Your support in figuring out all the detailed rules that operators have to follow in Texas has allowed me to come this far. And the journey hasn’t ended yet, there is far more interesting data to reveal.
Hello Enno,
Apologies in advance if you have already addressed or answered my questions below,
Is there a way to see or determine how many horizontal wells in the EF are inactive producers in a calendar year, say for 2011? Can this be filtered by operator?
I’m interested in what the potential plugging and abandonment liabilities certain operators may be looking at in the future. This may be impossible to determine if a leases has several wells and one or more are still producing.
Also, this is a question for Mike. Is there an obligation to report pending or deferred plugging and abandonment liabilities on a pubco’s 10ks if the amount affects a balance sheet?
Many thanks for all of your work!
John
Hi John,
> Is there a way to see or determine how many horizontal wells in the EF are inactive producers in a calendar year, say for 2011? Can this be filtered by operator?
Indeed this is possible. There are 2 overviews that may help here:
1. In the first presentation, go to the “Well status” tab. Select well status “Inactive”. I call a well “inactive” if there is no oil or gas production in a month, but it is also not yet plugged, according to the latest information. As usual, you can use the other filters to zoom in to specific operators/formations/counties.
2. In the 2nd presentation, go to the “Well status map”. Also here select the status “inactive”. Now you’ll see the location of all these inactive wells, in the latest month available (May 2017, although you can use the slider to change this month).
See below a sample of how these look like.
I can now accurately determine whether a well is producing or not (even if it is on a lease with multiple wells). The reason is that there are several sources that make that clear on individual well level: there is an inactive well list, and the oil proration data also reveals this.
John,
I can answer that – yes, companies do have to publish this information. It’s typically included within Property, Plant and Equipment as an “Asset Retirement Obligation” and the detail will be given separately in the notes to the financial statements. The costs must also be included in the PV10 calculations.
Greasy.
John, to the best of my knowledge, Mr. Wheel has answered your question with regards to plugging and decommissioning costs. Whether the actual physical cash for plugging and decommissioning is actually set aside, I do not know and would be suspect of that.
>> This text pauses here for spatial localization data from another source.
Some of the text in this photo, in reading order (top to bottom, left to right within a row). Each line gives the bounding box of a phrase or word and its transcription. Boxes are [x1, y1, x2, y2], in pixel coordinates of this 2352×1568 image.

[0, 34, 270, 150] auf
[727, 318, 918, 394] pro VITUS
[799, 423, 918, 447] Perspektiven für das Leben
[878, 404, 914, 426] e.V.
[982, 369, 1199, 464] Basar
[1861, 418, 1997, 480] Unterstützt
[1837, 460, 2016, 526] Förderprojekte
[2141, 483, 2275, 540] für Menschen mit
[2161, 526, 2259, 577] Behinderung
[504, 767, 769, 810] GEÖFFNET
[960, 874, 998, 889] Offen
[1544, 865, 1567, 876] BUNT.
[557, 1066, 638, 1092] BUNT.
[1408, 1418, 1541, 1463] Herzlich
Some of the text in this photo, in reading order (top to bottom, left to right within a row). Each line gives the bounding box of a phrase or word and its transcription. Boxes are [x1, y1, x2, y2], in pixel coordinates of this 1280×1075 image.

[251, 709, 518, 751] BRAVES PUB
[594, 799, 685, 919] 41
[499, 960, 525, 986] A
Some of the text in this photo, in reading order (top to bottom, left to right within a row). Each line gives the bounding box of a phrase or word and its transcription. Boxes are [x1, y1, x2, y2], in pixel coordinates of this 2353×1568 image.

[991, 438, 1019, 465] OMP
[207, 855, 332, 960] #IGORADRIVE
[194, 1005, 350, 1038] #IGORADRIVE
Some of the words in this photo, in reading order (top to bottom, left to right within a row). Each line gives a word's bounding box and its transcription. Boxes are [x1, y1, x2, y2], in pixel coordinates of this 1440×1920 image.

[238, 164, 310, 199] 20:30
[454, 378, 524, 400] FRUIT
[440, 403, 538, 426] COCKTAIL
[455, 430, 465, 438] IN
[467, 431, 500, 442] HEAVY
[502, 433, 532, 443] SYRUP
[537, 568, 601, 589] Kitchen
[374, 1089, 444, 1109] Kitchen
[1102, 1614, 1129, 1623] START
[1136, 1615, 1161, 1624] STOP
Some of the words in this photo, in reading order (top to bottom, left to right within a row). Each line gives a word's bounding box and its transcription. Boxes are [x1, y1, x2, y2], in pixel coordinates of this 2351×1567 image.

I might add, from an operations standpoint, that those decommissioning costs are no small matter and, in my opinion, have a negative affect on the market value of what I assume will ultimately be 19,000 ft. TMD HZ, marginal stripper wells. Some of the leasehold provisions I have seen regarding restoring land to its original state are very operator onerous; every bucket of limestone pad material must be removed, for instance. A lot of the surface equipment involved in shale operations one might think would have ‘salvage’ value is subject to NORM standards and will be very expensive to dispose of. There are a number of wells being plugged in the Eagle Ford already where some amount of production casing is being recovered, that one might also assume would also have “salvage’ value, but is in fact being sold for scrap iron. I believe these shale wells ultimately pose a big liability to operators, additional liability over and above massive amounts of long term debt that was required to drill and complete the well in the first place.